This relates to Multiple Linear Regression. Multiple variables affecting the dependent variable can be
correlated. This is known by multi-collinearity.
One can use stepwise regression to conclude that if more than one variable contributes to outcome
of a single dependent variable or not. In stepwise regression (both direction), we start with no
variable in the model. Then fit the regression model on each independent variable and see which
one is most significant. And again carry on the procedure. This will give the significant variables
affecting the dependent variable and problem of multi-collinearity will also get reduced
To analyze the relationship between multiple variables and a single dependent variable, we can
use multiple linear regression analysis. In multiple linear regression analysis, multiple predictor
variables can be correlated with the dependent variable. We can use stepwise regression analysis
to find out if one or multiple predictor variables contribute to the outcome variable. In stepwise
regression analysis, the decisions about the order in which predictors enter the model is based on
purely mathematical criterion. Firstly, use forward method that is the initial model contains only
the constant. Then the computer searches for the predictor that best predicts the outcome variable
according to the highest simple correlation.
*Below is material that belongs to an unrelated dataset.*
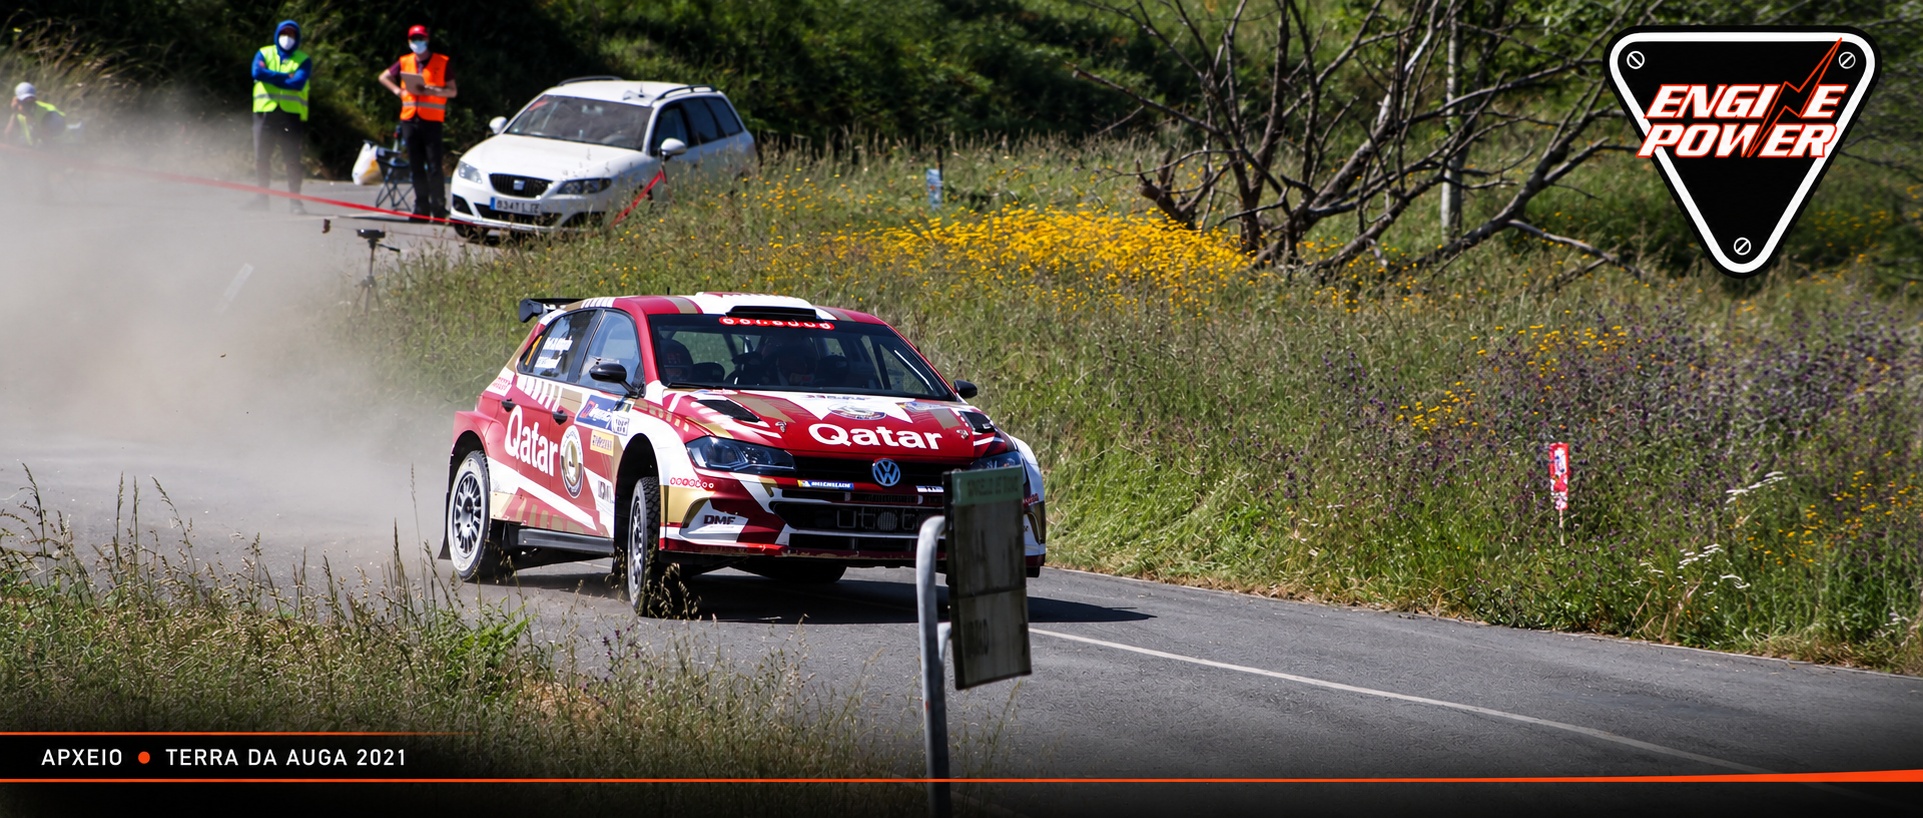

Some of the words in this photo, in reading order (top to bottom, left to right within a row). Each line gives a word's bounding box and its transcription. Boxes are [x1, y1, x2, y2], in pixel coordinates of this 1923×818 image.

How accurate is a regression analysis and how do you know? What attributes of the analysis
will determine whether the analysis is accurate and to what extent? Can inaccurate
regression analyses be used to an analyzer’s benefit? Explain in detail.
Regression analysis is to use a linear model as a way to predict values of a dependent variable
from a set of independent variables. In simple regression analysis, we can use the value of R
square to determine the accuracy of the model. R square can range from 0 to 1. The model will
be a good fit if R square is close to 1; on the other hand, the model will not be a good fit if R
square is close to 0. In multiple regression analysis, we can use adjusted R square to test the
accuracy of the model. Same with R square, adjusted R square also ranges from 0 to 1, with 1
indicating better fit of the model. If the regression analysis is not accurate. It should not be used
for outcome prediction of variables since it will not give an accurate measurement. It will give a
misleading result.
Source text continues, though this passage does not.